Task:
Reproduce all of the data exactly as written.

(Text-to-region grounding data)
_ _ _ _
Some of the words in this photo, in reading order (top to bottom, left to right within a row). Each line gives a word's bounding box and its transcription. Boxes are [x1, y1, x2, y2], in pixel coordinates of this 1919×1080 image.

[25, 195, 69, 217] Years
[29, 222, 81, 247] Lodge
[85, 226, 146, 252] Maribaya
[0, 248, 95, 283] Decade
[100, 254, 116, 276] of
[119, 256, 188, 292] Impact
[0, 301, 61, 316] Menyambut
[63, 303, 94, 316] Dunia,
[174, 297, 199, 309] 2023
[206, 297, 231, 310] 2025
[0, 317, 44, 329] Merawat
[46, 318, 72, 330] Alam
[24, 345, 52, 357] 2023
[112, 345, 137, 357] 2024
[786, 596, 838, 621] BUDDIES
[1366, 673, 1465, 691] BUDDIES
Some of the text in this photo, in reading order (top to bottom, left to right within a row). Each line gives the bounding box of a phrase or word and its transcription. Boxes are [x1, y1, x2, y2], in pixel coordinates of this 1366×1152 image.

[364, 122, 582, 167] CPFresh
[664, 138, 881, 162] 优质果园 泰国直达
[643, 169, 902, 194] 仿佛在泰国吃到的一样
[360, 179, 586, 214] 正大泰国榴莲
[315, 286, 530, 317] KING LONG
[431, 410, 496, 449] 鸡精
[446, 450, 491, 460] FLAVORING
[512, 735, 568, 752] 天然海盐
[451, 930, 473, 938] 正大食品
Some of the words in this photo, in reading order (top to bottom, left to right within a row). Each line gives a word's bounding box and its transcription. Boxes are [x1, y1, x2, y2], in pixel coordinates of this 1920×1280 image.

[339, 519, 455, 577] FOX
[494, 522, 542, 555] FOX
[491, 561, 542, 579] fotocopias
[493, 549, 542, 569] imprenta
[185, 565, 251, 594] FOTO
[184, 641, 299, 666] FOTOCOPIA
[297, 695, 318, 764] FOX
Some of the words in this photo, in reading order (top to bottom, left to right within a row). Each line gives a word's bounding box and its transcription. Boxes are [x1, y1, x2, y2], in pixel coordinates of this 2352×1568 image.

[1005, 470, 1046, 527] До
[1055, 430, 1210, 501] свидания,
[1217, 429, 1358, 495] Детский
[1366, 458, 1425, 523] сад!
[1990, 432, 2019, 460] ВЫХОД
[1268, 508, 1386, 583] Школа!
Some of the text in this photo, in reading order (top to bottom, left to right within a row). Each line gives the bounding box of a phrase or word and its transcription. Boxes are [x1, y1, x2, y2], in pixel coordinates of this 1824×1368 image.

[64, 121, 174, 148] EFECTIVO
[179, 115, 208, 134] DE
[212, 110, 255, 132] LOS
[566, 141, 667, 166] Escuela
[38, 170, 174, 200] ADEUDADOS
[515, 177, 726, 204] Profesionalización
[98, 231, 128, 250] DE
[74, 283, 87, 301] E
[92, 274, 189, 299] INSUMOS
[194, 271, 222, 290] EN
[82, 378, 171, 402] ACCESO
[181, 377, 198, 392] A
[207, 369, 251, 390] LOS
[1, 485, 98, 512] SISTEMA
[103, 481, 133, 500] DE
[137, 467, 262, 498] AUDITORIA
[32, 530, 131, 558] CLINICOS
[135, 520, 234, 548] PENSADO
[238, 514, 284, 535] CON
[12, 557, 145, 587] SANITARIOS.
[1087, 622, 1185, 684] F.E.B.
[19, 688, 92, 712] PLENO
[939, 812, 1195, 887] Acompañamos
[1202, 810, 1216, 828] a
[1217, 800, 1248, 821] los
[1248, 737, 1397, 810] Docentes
_ _ _ _
Answer for the task:
Some of the words in this photo, in reading order (top to bottom, left to right within a row). Each line gives a word's bounding box and its transcription. Boxes are [x1, y1, x2, y2], in pixel coordinates of this 1919×1080 image.

[25, 195, 69, 217] Years
[29, 222, 81, 247] Lodge
[85, 226, 146, 252] Maribaya
[0, 248, 95, 283] Decade
[100, 254, 116, 276] of
[119, 256, 188, 292] Impact
[0, 301, 61, 316] Menyambut
[63, 303, 94, 316] Dunia,
[174, 297, 199, 309] 2023
[206, 297, 231, 310] 2025
[0, 317, 44, 329] Merawat
[46, 318, 72, 330] Alam
[24, 345, 52, 357] 2023
[112, 345, 137, 357] 2024
[786, 596, 838, 621] BUDDIES
[1366, 673, 1465, 691] BUDDIES
Some of the text in this photo, in reading order (top to bottom, left to right within a row). Each line gives the bounding box of a phrase or word and its transcription. Boxes are [x1, y1, x2, y2], in pixel coordinates of this 1366×1152 image.

[364, 122, 582, 167] CPFresh
[664, 138, 881, 162] 优质果园 泰国直达
[643, 169, 902, 194] 仿佛在泰国吃到的一样
[360, 179, 586, 214] 正大泰国榴莲
[315, 286, 530, 317] KING LONG
[431, 410, 496, 449] 鸡精
[446, 450, 491, 460] FLAVORING
[512, 735, 568, 752] 天然海盐
[451, 930, 473, 938] 正大食品
Some of the words in this photo, in reading order (top to bottom, left to right within a row). Each line gives a word's bounding box and its transcription. Boxes are [x1, y1, x2, y2], in pixel coordinates of this 1920×1280 image.

[339, 519, 455, 577] FOX
[494, 522, 542, 555] FOX
[491, 561, 542, 579] fotocopias
[493, 549, 542, 569] imprenta
[185, 565, 251, 594] FOTO
[184, 641, 299, 666] FOTOCOPIA
[297, 695, 318, 764] FOX
Some of the words in this photo, in reading order (top to bottom, left to right within a row). Each line gives a word's bounding box and its transcription. Boxes are [x1, y1, x2, y2], in pixel coordinates of this 2352×1568 image.

[1005, 470, 1046, 527] До
[1055, 430, 1210, 501] свидания,
[1217, 429, 1358, 495] Детский
[1366, 458, 1425, 523] сад!
[1990, 432, 2019, 460] ВЫХОД
[1268, 508, 1386, 583] Школа!
Some of the text in this photo, in reading order (top to bottom, left to right within a row). Each line gives the bounding box of a phrase or word and its transcription. Boxes are [x1, y1, x2, y2], in pixel coordinates of this 1824×1368 image.

[64, 121, 174, 148] EFECTIVO
[179, 115, 208, 134] DE
[212, 110, 255, 132] LOS
[566, 141, 667, 166] Escuela
[38, 170, 174, 200] ADEUDADOS
[515, 177, 726, 204] Profesionalización
[98, 231, 128, 250] DE
[74, 283, 87, 301] E
[92, 274, 189, 299] INSUMOS
[194, 271, 222, 290] EN
[82, 378, 171, 402] ACCESO
[181, 377, 198, 392] A
[207, 369, 251, 390] LOS
[1, 485, 98, 512] SISTEMA
[103, 481, 133, 500] DE
[137, 467, 262, 498] AUDITORIA
[32, 530, 131, 558] CLINICOS
[135, 520, 234, 548] PENSADO
[238, 514, 284, 535] CON
[12, 557, 145, 587] SANITARIOS.
[1087, 622, 1185, 684] F.E.B.
[19, 688, 92, 712] PLENO
[939, 812, 1195, 887] Acompañamos
[1202, 810, 1216, 828] a
[1217, 800, 1248, 821] los
[1248, 737, 1397, 810] Docentes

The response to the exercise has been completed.